By helen on Mar 22, 2010 | In The Black Perspective of Views of America By Helen Burleson | Send feedback »
HOPEY, CHANGEY THING WORKS
By Helen L. Burleson, Doctor of Public Administration
The answer to the hopey, changey thing was demonstrated on Sunday, March 21, 2010.
Despite all the vitriol generated by the semi-literate Sarah Palin and her semi-literate band of profligates, the majority of Democrats proved that using intelligence, logic, information and a humane concern for all of their fellow Americans, they passed a landmark health reform bill. For a hundred years, presidents and cabinets had tried to address the issue of health care for all Americans. In 2010, these Democrats under the leadership of House Speaker Nancy Pelosi, Senate Majority Leader Harry Reid, Congress majority whip, James Clyburn and President Barack Obama, put politics aside and lead a reform that was in the best interest of the people they represent. That is Democracy at work. Democracy is a representative form of government as mandated by the Founding Documents of the United States of America.
The tea baggers and the other semi-literates would not know that because they have filled their void of knowledge with bias and hatred. There is no room left in their diminutive brains to think rationally or to have compassion for their fellow man.
Though they claim to be “right to lifers” they do not hesitate to kill physicians who perform abortions. The few physicians who do perform abortions, heal and save thousands and thousands of lives, but the feeble minded do not look at that. They are so blinded with hatred borne out of their own self loathing as a result of their deficiencies which cause them to follow any piper regardless of what tune that piper is playing.
I have never seen this same group of “right to lifers” condemn war where thousands and thousands of people are killed.
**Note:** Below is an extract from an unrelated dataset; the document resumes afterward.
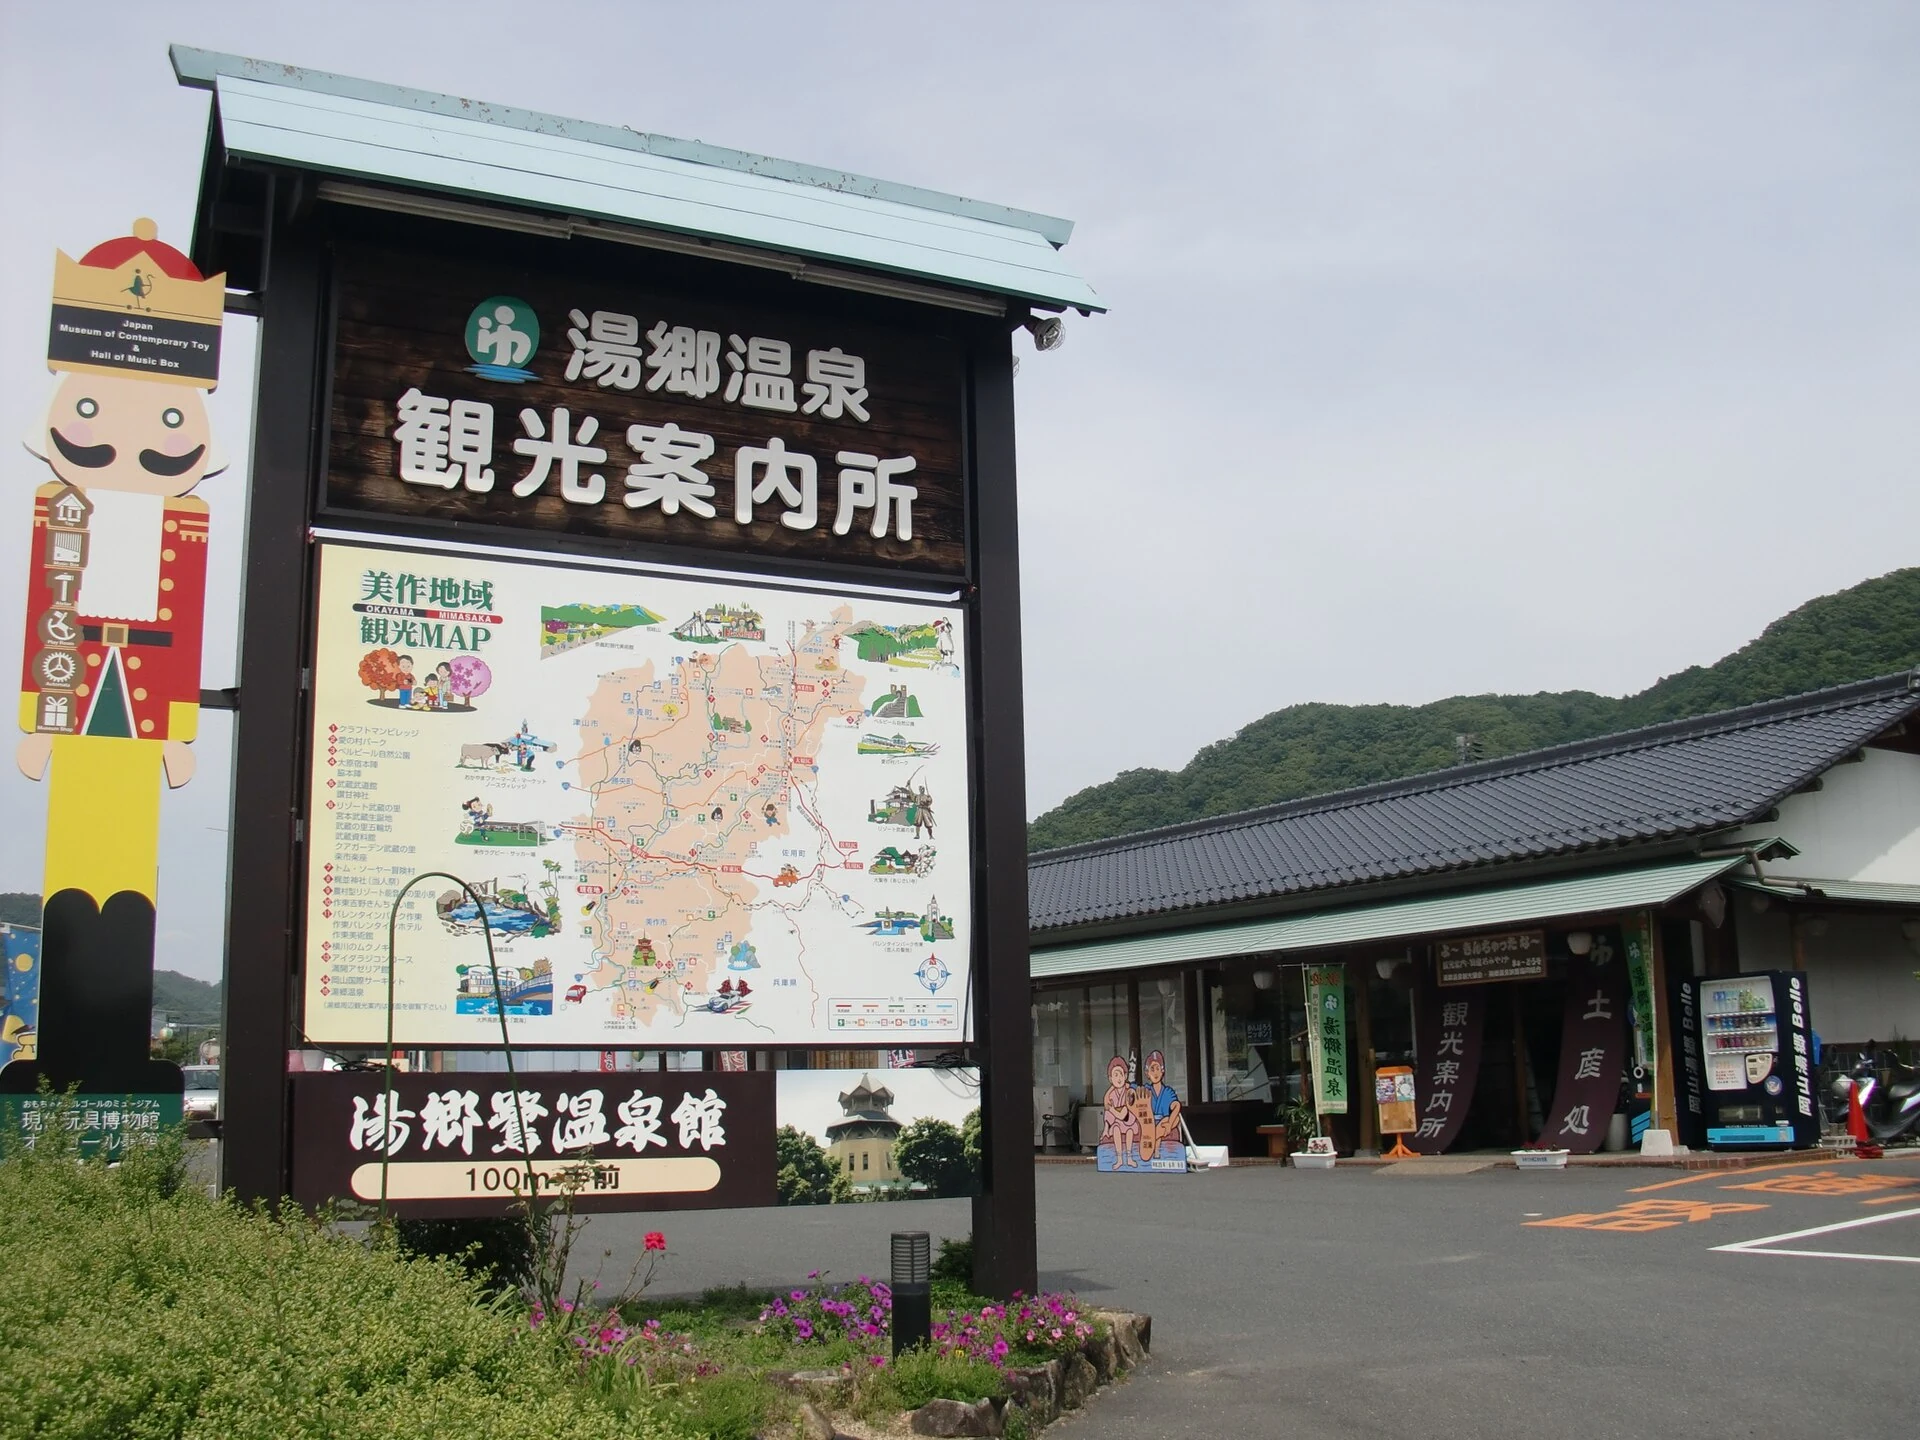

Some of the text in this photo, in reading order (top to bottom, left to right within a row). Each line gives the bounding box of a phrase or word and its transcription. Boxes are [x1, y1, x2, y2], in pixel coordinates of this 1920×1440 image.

I have never heard this group embrace peaceful negotiations and compromise in dealing with adverse situations. As a pragmatist, I realize that sometimes the only recourse is a physical show of strength, but that should be the last resort based on a true and pending danger, not imaginary or false pretences.
Now when these semi-comatose people go so far as to threaten the safety of our representatives, they have gone too far, often with the urgings of some members of the Republican Party. The sanctioning of that kind of behavior has no place in a Democracy. Acceptable behavior for a hypocrisy, is not acceptable behavior for a Democracy.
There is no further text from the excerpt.